Set the records down again. Match every line exactly.

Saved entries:
########

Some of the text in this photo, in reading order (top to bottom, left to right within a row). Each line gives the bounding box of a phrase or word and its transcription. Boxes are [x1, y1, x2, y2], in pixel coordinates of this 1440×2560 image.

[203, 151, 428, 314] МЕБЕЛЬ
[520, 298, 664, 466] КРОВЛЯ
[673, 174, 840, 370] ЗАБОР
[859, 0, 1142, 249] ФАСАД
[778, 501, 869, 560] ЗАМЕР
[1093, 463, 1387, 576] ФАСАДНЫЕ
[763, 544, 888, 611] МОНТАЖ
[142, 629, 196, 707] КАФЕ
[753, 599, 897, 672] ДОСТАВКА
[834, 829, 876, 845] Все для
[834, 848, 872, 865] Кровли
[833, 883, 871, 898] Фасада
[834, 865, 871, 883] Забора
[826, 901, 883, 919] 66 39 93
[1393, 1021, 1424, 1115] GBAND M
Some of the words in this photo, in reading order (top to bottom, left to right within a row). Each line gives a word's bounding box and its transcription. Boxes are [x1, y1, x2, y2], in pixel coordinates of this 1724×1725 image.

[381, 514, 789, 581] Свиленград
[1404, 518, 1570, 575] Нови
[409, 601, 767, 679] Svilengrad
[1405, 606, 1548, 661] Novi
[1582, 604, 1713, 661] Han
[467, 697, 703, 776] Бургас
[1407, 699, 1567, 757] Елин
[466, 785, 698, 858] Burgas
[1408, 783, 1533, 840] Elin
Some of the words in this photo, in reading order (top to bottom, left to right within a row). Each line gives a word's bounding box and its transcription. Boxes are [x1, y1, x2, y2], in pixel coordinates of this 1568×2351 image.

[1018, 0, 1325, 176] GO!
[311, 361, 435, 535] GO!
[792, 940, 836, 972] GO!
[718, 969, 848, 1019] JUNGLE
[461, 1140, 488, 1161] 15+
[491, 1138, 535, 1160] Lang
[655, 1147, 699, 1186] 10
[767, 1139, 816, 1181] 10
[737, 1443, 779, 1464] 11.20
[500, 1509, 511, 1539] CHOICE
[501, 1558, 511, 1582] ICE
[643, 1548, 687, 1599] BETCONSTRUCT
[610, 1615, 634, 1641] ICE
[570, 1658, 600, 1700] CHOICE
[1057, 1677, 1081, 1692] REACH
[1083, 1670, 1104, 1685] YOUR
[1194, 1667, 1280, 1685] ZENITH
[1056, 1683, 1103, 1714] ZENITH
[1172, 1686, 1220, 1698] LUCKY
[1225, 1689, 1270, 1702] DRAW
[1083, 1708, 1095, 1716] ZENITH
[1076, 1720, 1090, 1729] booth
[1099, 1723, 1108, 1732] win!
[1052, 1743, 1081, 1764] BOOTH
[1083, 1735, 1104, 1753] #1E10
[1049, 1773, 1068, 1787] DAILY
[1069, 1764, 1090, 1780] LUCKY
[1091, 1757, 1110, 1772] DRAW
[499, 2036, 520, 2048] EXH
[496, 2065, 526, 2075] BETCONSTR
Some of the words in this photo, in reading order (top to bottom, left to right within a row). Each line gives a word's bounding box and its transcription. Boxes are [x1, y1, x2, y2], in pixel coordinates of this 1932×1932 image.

########

Answer to this problem
Some of the text in this photo, in reading order (top to bottom, left to right within a row). Each line gives the bounding box of a phrase or word and its transcription. Boxes are [x1, y1, x2, y2], in pixel coordinates of this 1440×2560 image.

[203, 151, 428, 314] МЕБЕЛЬ
[520, 298, 664, 466] КРОВЛЯ
[673, 174, 840, 370] ЗАБОР
[859, 0, 1142, 249] ФАСАД
[778, 501, 869, 560] ЗАМЕР
[1093, 463, 1387, 576] ФАСАДНЫЕ
[763, 544, 888, 611] МОНТАЖ
[142, 629, 196, 707] КАФЕ
[753, 599, 897, 672] ДОСТАВКА
[834, 829, 876, 845] Все для
[834, 848, 872, 865] Кровли
[833, 883, 871, 898] Фасада
[834, 865, 871, 883] Забора
[826, 901, 883, 919] 66 39 93
[1393, 1021, 1424, 1115] GBAND M
Some of the words in this photo, in reading order (top to bottom, left to right within a row). Each line gives a word's bounding box and its transcription. Boxes are [x1, y1, x2, y2], in pixel coordinates of this 1724×1725 image.

[381, 514, 789, 581] Свиленград
[1404, 518, 1570, 575] Нови
[409, 601, 767, 679] Svilengrad
[1405, 606, 1548, 661] Novi
[1582, 604, 1713, 661] Han
[467, 697, 703, 776] Бургас
[1407, 699, 1567, 757] Елин
[466, 785, 698, 858] Burgas
[1408, 783, 1533, 840] Elin
Some of the words in this photo, in reading order (top to bottom, left to right within a row). Each line gives a word's bounding box and its transcription. Boxes are [x1, y1, x2, y2], in pixel coordinates of this 1568×2351 image.

[1018, 0, 1325, 176] GO!
[311, 361, 435, 535] GO!
[792, 940, 836, 972] GO!
[718, 969, 848, 1019] JUNGLE
[461, 1140, 488, 1161] 15+
[491, 1138, 535, 1160] Lang
[655, 1147, 699, 1186] 10
[767, 1139, 816, 1181] 10
[737, 1443, 779, 1464] 11.20
[500, 1509, 511, 1539] CHOICE
[501, 1558, 511, 1582] ICE
[643, 1548, 687, 1599] BETCONSTRUCT
[610, 1615, 634, 1641] ICE
[570, 1658, 600, 1700] CHOICE
[1057, 1677, 1081, 1692] REACH
[1083, 1670, 1104, 1685] YOUR
[1194, 1667, 1280, 1685] ZENITH
[1056, 1683, 1103, 1714] ZENITH
[1172, 1686, 1220, 1698] LUCKY
[1225, 1689, 1270, 1702] DRAW
[1083, 1708, 1095, 1716] ZENITH
[1076, 1720, 1090, 1729] booth
[1099, 1723, 1108, 1732] win!
[1052, 1743, 1081, 1764] BOOTH
[1083, 1735, 1104, 1753] #1E10
[1049, 1773, 1068, 1787] DAILY
[1069, 1764, 1090, 1780] LUCKY
[1091, 1757, 1110, 1772] DRAW
[499, 2036, 520, 2048] EXH
[496, 2065, 526, 2075] BETCONSTR
Some of the words in this photo, in reading order (top to bottom, left to right within a row). Each line gives a word's bounding box and its transcription. Boxes are [x1, y1, x2, y2], in pixel coordinates of this 1932×1932 image.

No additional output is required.